So you’ve decided you want to travel? Excellent. Good choice. But now comes the hard part. Where the hell are you going to go?! This was my dilemma too. You suddenly start to realise how huge the world really is, and how many options you have, not only about WHERE to travel, but also HOW to get there.
Where is the easy part. Hit the web, do some research, read up about a few countries and see what appeals to you. Are you an adventure and adrenaline junkie? If so, I’d recommend New Zealand, adventure capital of the world, with its jet-boating, bungee jumping and skydiving to keep you occupied. Or do you want to lie on a beach and soak up some sun? Then head off to Australia, Fiji or Hawaii, where you can sunbathe to your heart’s content, and see incredible sights like Whitehaven Beach in the Whitsundays, or watch the sunset from an idyllic deserted island. Want a bit of a culture shock? Asia is your place, with such a mixture of diverse people and things to see, from the craziness that is Bangkok to the calm tranquility of Siem Reap’s Angkor Wat, you’ll definitely find something to suit your mood.
Now, once you’ve decided on the where, it’s all about the how. Do you just want to get to places quickly by air, or are you more of a slow and steady traveller who wants to do it all overland? Either option works, but for me, I’d go with a mixture of the two…you have to experience the overland to appreciate the flying, and visa versa. While sometimes it’s great to just get on a plane, sit there for a few hours and then disembark in a totally new place, it’s often far more rewarding to sit on a bus for 20+ hours and watch as the world goes by your window. You get a better taste for the country you’re in and appreciate it so much more when you finally arrive at your destination. Long bus journeys are also a great way to meet fellow travellers – you can bond over your boredom, or talk excitedly about where you’re headed.

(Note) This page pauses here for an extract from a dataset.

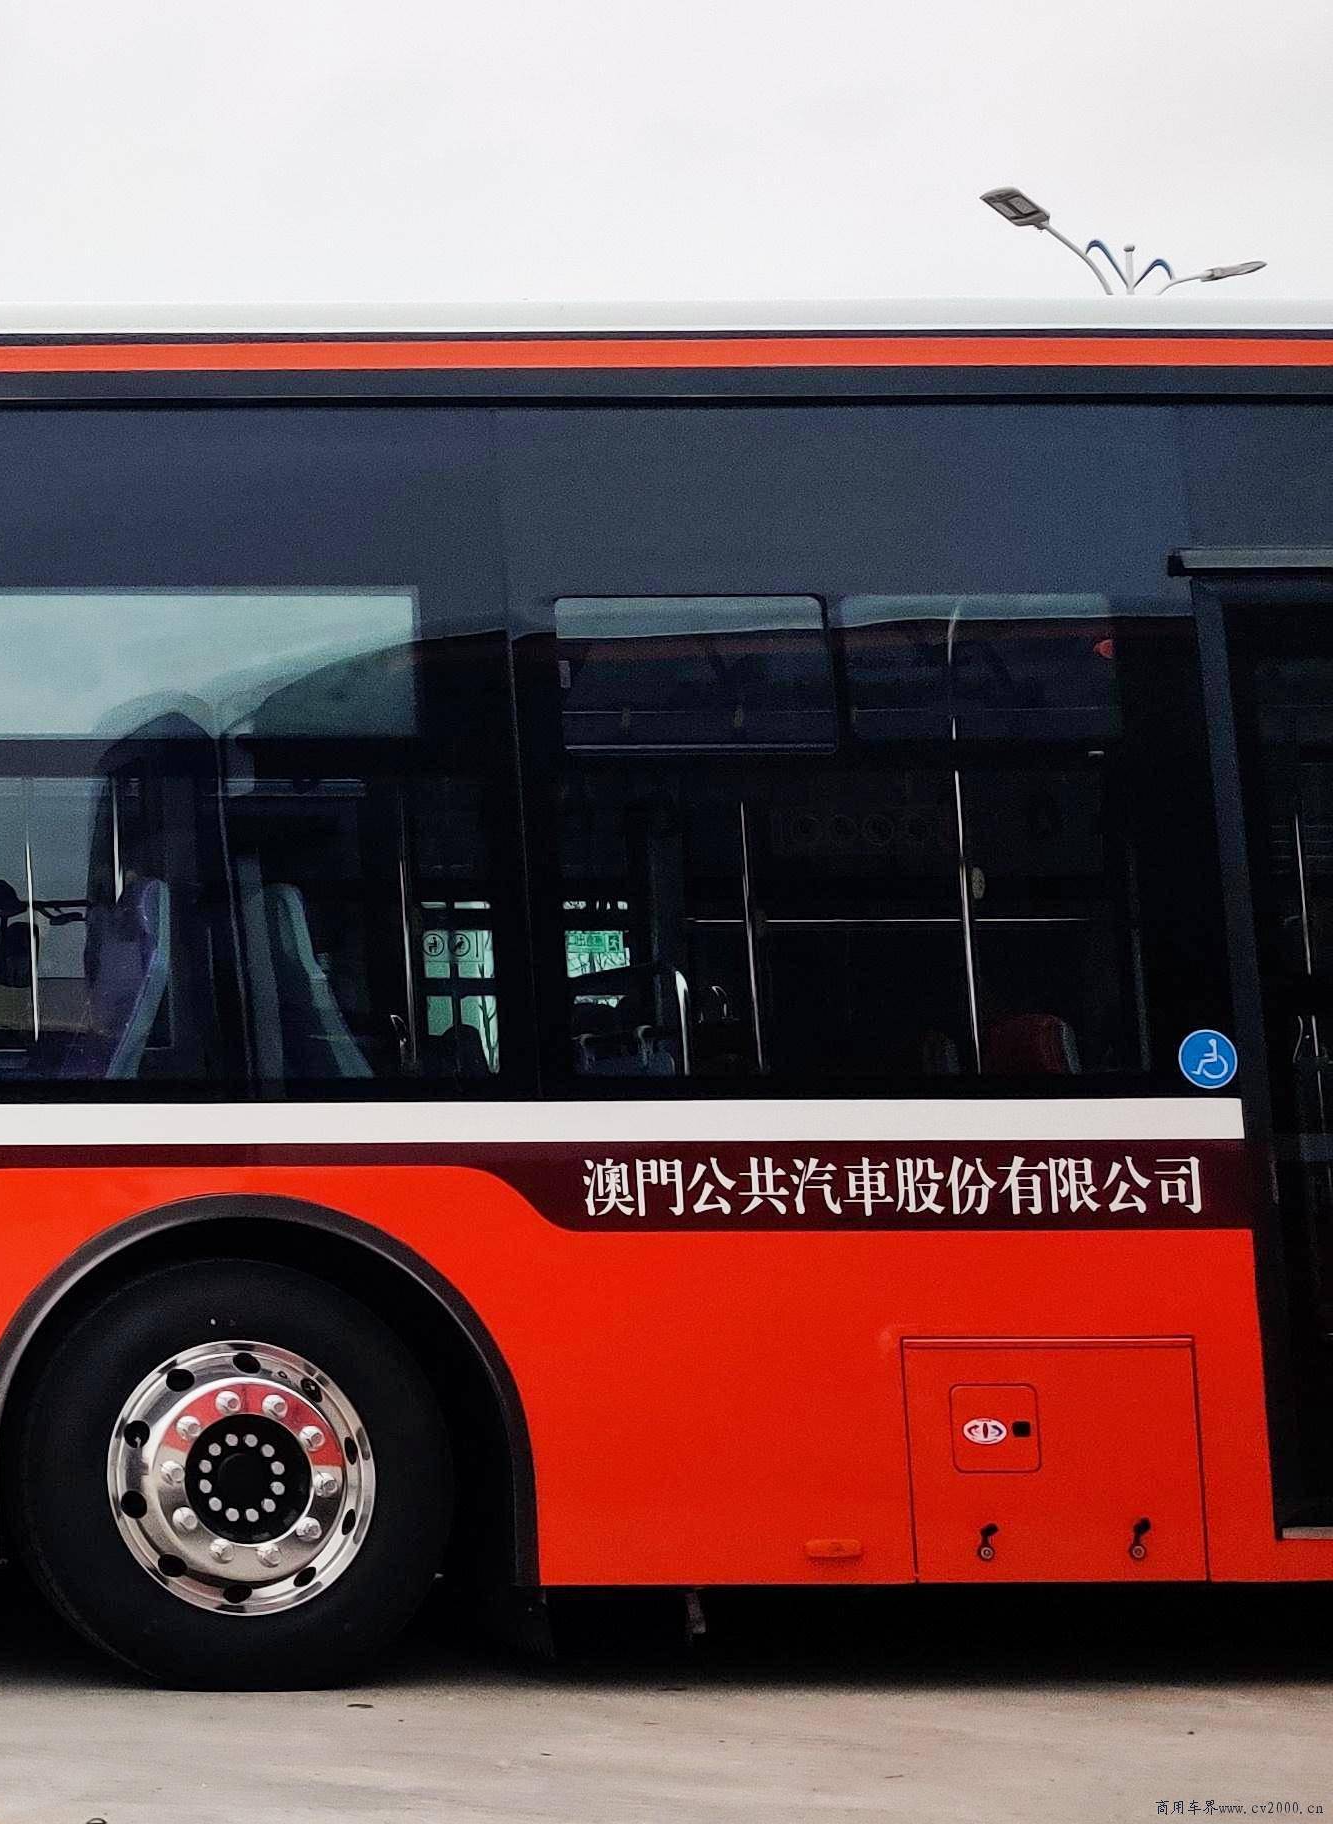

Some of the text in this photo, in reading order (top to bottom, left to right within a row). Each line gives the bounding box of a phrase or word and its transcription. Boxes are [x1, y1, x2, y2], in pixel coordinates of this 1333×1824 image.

[582, 1155, 1203, 1217] 澳門公共汽車股份有限公司

The route of your round-the-world trip is probably the trickiest part of the pre-trip planning. You don’t really want to waste time and money going back on yourself, and you need to work out how long you want to stay places and when you want to be somewhere (for example I knew that I wanted to be in Sydney for New Year’s Eve, and on the east coast of the USA to work at summer camp again in June, so those were my dates to work around). There are plenty of different ways to go around the world, east to west, north to south, but my route looked a little something like this:
London – (air) Thailand – (overland) Laos – (overland) Vietnam – (overland) Cambodia – (overland) Thailand – (air) Malaysia – (air) Singapore – (air) Australia – (air) New Zealand – (air) Fiji – (air) USA – (air) London.
I did a lot of flying on this trip, but I also travelled overland quite a bit too, using various modes of transport. In Australia I drove from Melbourne to Sydney and then travelled on a greyhound bus pass from Sydney all the way up the east coast to Cairns. In New Zealand we hired a campervan and drove all over both North & South islands on an epic road trip, and in the States we used a combination of buses, cars, trains and planes to get around.
So as you can see, there are so many different ways to travel and directions to take, and you’ll get a lot of differing advice from people telling you to go here or there, or to do this or that, but at the end of the day, the final decision is yours, and only you can make it!